The Spark of Life
February 20, 2009 9:38 PM   Subscribe

Sparks of Life. "That the electric 'spark of life' figured prominently in debates over the nature of life in the late eighteenth and early nineteenth centuries is well known. Less well known is the fact that prior to this period, gunpowder was often identified with the substances that were necessary to life, if not as a vitalistic spirit, then as an essential element in the animation of the body. The idea of a spark of life went back to ancient times, likening living beings to the glowing embers of a fire. In the Old Testament, for example, the wise woman of Tekoah begs for the life of her son, pleading 'they will stamp out my last live ember.' But from the sixteenth to the eighteenth century, this vital flame was often equated with gunpowder. There was fire in the blood: not electric, but pyrotechnic fire."
posted by homunculus (10 comments total) 1 user marked this as a favorite
 
So... electrons would be 'our generation's' misguided metaphor for - not even conciousness - but liveliness?

Or would it be TV sex or TV violence?

Interesting question, though - what is life, aside from much debated and fistfight-worthy disagree-ances. Tough question, and - yes - societal prejudices makes the debate even harder to settle.

Alive is very different than sentient, but both have similar hurdles to be described.
posted by porpoise at 11:00 PM on February 20, 2009


Kirk's gunpowder extinguished the Gorn's spark of life.
posted by Tube at 11:03 PM on February 20, 2009 [1 favorite]


porpoise: In a lot of cases, these weren't metaphors, this is what people literally believed. People really thought that there was a spark of something that transferred from one living thing to another through birth, but could be extinguished in death (because living things only came from other living things, like fire only comes from fire, and any living thing can become dead, just like any burning thing can become ash)

Also, our consciousness is actually powered by electron flow, so how could electricity be a be a 'metaphor' for anything, much less a misguided one?
posted by delmoi at 11:09 PM on February 20, 2009


If I were to look at ancient Hebrew views of the essence of life, I would be less inclined to look at the metaphor of the ember and more inclined to consider wind, or the breath-- not only for its role as the essential life giver, but also its destructive power.
posted by honest knave at 11:31 PM on February 20, 2009 [2 favorites]


Yeah, sure, electron flow.

It's the flux of K+ and Na+ and Cl- and all kind of other small molecules. Electron flux is something we tell kids, just like almost everything else. Sure, there's the change in membrane potential, but the bits that cause the membrane potential changes are a little bit more sophisticated than what tales we tell laypeople.

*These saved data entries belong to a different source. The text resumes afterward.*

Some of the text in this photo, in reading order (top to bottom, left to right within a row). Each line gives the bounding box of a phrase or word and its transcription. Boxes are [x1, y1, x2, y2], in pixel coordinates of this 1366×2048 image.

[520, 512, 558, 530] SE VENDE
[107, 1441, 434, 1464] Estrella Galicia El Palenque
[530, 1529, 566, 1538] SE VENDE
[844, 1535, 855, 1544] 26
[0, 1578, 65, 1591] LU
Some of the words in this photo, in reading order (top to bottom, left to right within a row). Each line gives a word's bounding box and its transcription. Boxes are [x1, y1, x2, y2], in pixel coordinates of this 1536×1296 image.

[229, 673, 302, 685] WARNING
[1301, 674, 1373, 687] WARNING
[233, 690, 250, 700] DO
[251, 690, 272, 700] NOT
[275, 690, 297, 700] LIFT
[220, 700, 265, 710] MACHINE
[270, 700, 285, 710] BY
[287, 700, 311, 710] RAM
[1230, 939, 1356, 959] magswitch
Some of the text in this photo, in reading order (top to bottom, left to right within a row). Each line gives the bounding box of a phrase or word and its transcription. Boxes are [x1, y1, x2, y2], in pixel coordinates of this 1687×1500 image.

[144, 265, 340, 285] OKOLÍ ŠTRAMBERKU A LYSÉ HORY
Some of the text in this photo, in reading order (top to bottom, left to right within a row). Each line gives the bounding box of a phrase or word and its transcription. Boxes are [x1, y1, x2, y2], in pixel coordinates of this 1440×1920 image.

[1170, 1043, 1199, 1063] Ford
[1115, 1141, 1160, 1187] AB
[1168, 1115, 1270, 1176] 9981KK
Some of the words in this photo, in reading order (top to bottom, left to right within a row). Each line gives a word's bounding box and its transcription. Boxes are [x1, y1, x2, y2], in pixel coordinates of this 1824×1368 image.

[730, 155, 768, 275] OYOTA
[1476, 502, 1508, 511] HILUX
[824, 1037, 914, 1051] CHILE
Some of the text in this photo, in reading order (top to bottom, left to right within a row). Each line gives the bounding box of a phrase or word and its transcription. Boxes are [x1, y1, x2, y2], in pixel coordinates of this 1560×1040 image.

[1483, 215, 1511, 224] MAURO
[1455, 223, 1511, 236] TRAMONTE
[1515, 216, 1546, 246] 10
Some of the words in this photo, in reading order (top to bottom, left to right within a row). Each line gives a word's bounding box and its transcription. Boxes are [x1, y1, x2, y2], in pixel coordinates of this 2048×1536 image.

Absolutely, I agree with what you're saying, though. Despite and regardless.
posted by porpoise at 11:33 PM on February 20, 2009


Speak for yourself; my neural impulses are propagated by tiny gunpowder fuses.
posted by hattifattener at 12:03 AM on February 21, 2009


The idea of a spark of life went back to ancient times, likening living beings to the glowing embers of a fire. In the Old Testament, for example, the wise woman of Tekoah begs for the life of her son, pleading 'they will stamp out my last live ember.'

Not a scholar, but this example (to me) reads more as poetry than a statement by Tekoah regarding mechanism.
posted by BaxterG4 at 8:20 AM on February 21, 2009


"Alive is very different than sentient."

Hubris. But I agree otherwise - life is always referred to as some sort of force or energy.

In Homer's "Iliad", life is referred to as a sort of tension. Dead people were often described as having "their limbs unstrung". Apt description, when you think about it.
posted by Artful Codger at 9:31 AM on February 21, 2009


electron flow

so we've gone from the spark of life to the life of sparks?
posted by doobiedoo at 9:37 AM on February 21, 2009


I wish that the current overriding metaphor for human nature (computers, programming, etc.) was a little more examined. I get tired of being told that we're all "programmed" and "hardwired" to behave in certain ways, that our brains are circuits, that we have hard drives that fill with memory. It seems to have sunk into the culture in ways that have taken on an aura of truth.